Clockracer [sullenly]:
It goes, I go.

Ralph:
[Not trying to conceal his relief.] It's a deal, Clockracer. Just clear out your desk and our administrators will take care of the systems.

Clockracer:
Got nothing but a Ouija board anyway. [Leaves by the main door. As he walks down the driveway in the fading twilight, hundreds of frogs in a nearby pond erupt in a frantic and uncanny piping noise.]

Ralph:
Does that satisfy you, Mr. Bryant?

Bryant:
[Looks at Chang, who nods.] I guess so. Thanks, folks. We'll be back tomorrow to do some checking around for further trouble. Good luck on your big debut. [Bryant and Chang leave.]

Ralph:
Not bad, eh? We got rid of the heat, eliminated a source of traffic that wasn't providing us any income, and said good-bye to that creepy Clockracer just after he finished doing all the work we need.

Yvonne:
It's six o'clock!

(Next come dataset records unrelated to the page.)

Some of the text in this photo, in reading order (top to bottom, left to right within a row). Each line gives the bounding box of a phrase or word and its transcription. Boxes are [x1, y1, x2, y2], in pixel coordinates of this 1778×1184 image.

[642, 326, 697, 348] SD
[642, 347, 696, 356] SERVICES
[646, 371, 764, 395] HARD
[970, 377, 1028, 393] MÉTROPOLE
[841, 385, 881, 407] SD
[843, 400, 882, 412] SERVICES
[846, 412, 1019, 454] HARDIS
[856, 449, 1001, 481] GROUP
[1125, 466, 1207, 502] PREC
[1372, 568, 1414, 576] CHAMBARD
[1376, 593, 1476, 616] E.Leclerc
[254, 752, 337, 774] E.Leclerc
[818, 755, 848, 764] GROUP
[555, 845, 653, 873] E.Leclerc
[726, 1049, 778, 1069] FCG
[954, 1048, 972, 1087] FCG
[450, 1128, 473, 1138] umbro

Let's see what the Web is saying about us. [Ralph comes over to peruse her screen.] Pretty as all get-out, huh? "Fashionvanity to mediate all leisure and entertainment trends....partners with Maxdistraxion, Spendthru..." We're out in view of the whole world; people should be clicking through just about now.

Ralph:
Wow! Gotta see how the guys in the server room are doing.

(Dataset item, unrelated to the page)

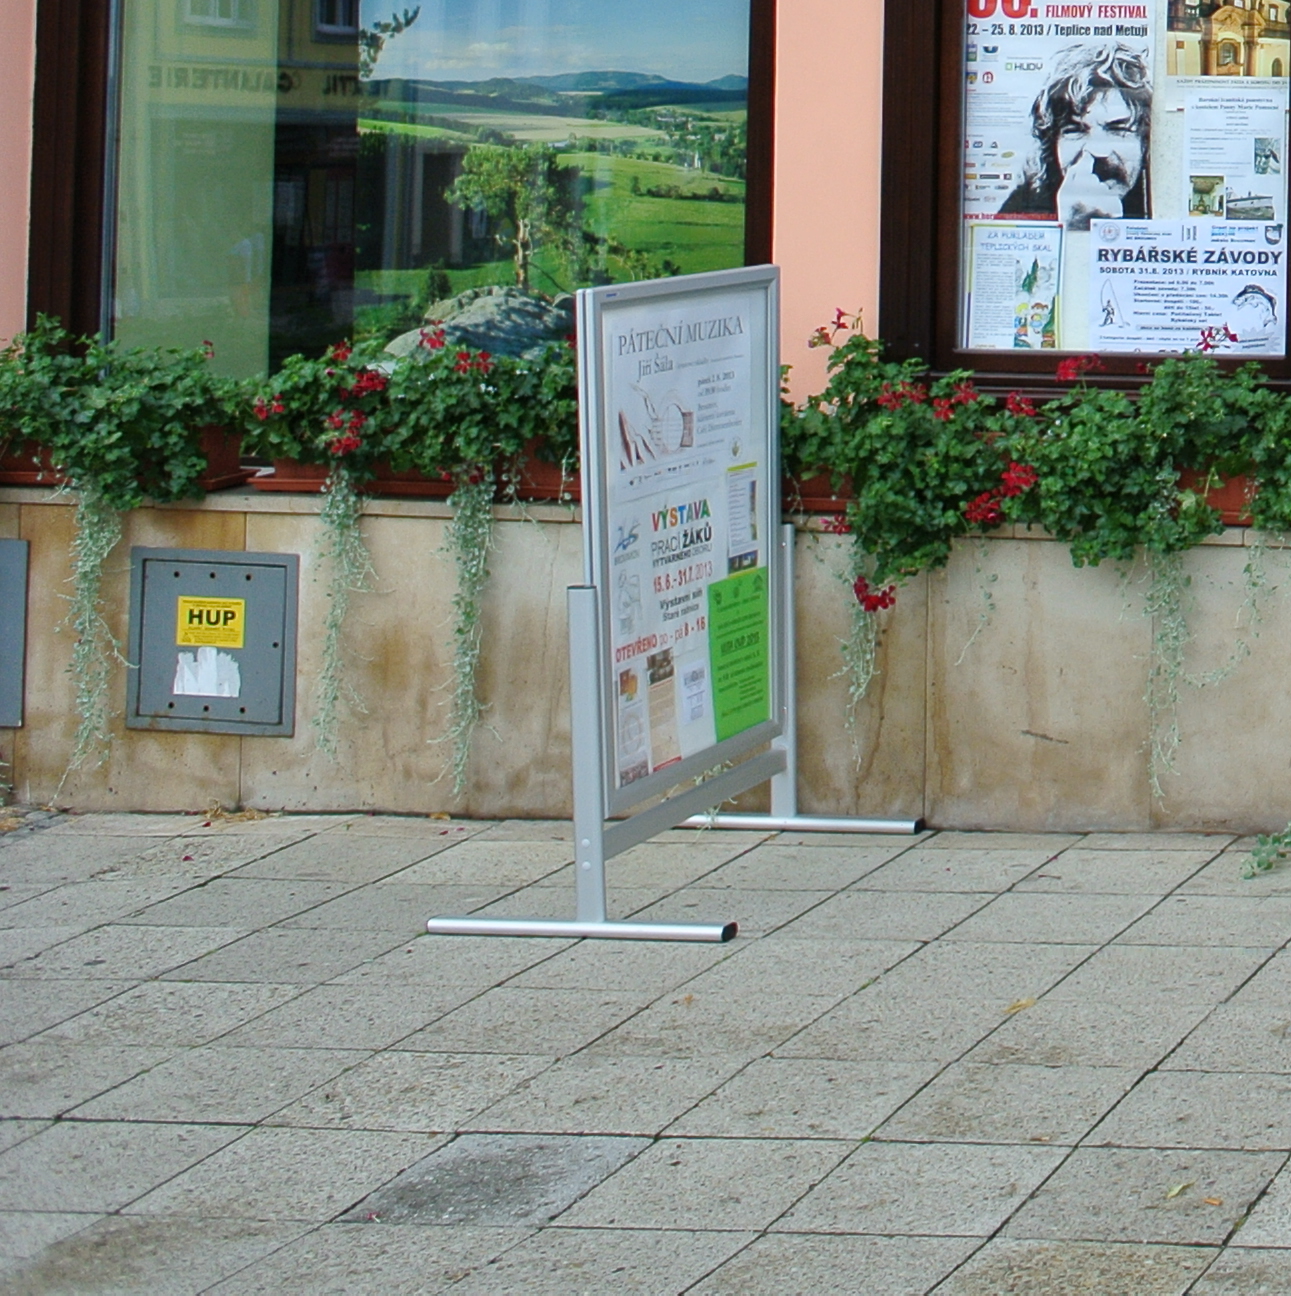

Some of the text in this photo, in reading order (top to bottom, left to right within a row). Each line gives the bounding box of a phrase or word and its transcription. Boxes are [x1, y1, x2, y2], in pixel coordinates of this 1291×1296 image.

[A bloodcurdling scream emerges from the server room, where the administrators Meryl and Chuck are monitoring the systems.]

Ralph:
What the hell is going on there?

Meryl:
We're overloaded! We're screamin'!

Ralph:
With customers? From the press releases and news stories?

Chuck:
No, it's downloads of Morphs software.

Ralph:
I told you to wipe it off the site!

Meryl:
Did that, but the caching servers still have it. After Clockracer left, he posted to the user newsgroup that we were taking down the service. Now his weird associates everywhere in the world are trying to get in, want to download the software before it disappears.

Yvonne:
No! Don't let them. Filter them out!

Meryl:
Filter who out? We can't stop them unless we cut off all access.

Yvonne:
Can't you remove it from the caching servers?

Chuck:
Take 'em twelve to eighteen hours at each ISP....

Ralph:
No! No! [Buries head in hands.]

Yvonne:
[Looking out the window] What's that strange light coming up the hill?

K.C.:
[Rushing in the door.] You folks do anythin' to get a mob at Bentham worked up? They're comin' this way, and cuttin' off access by the only road out.

Meryl:
It's that icky crowd Clockracer used to hang out with--they must be coming for the Morphs software.

Yvonne:
Let's get the hell out of here!

Ralph:
We'll have to try our chances at the bridge.

[All rush out the door into the darkness as the lights go out.]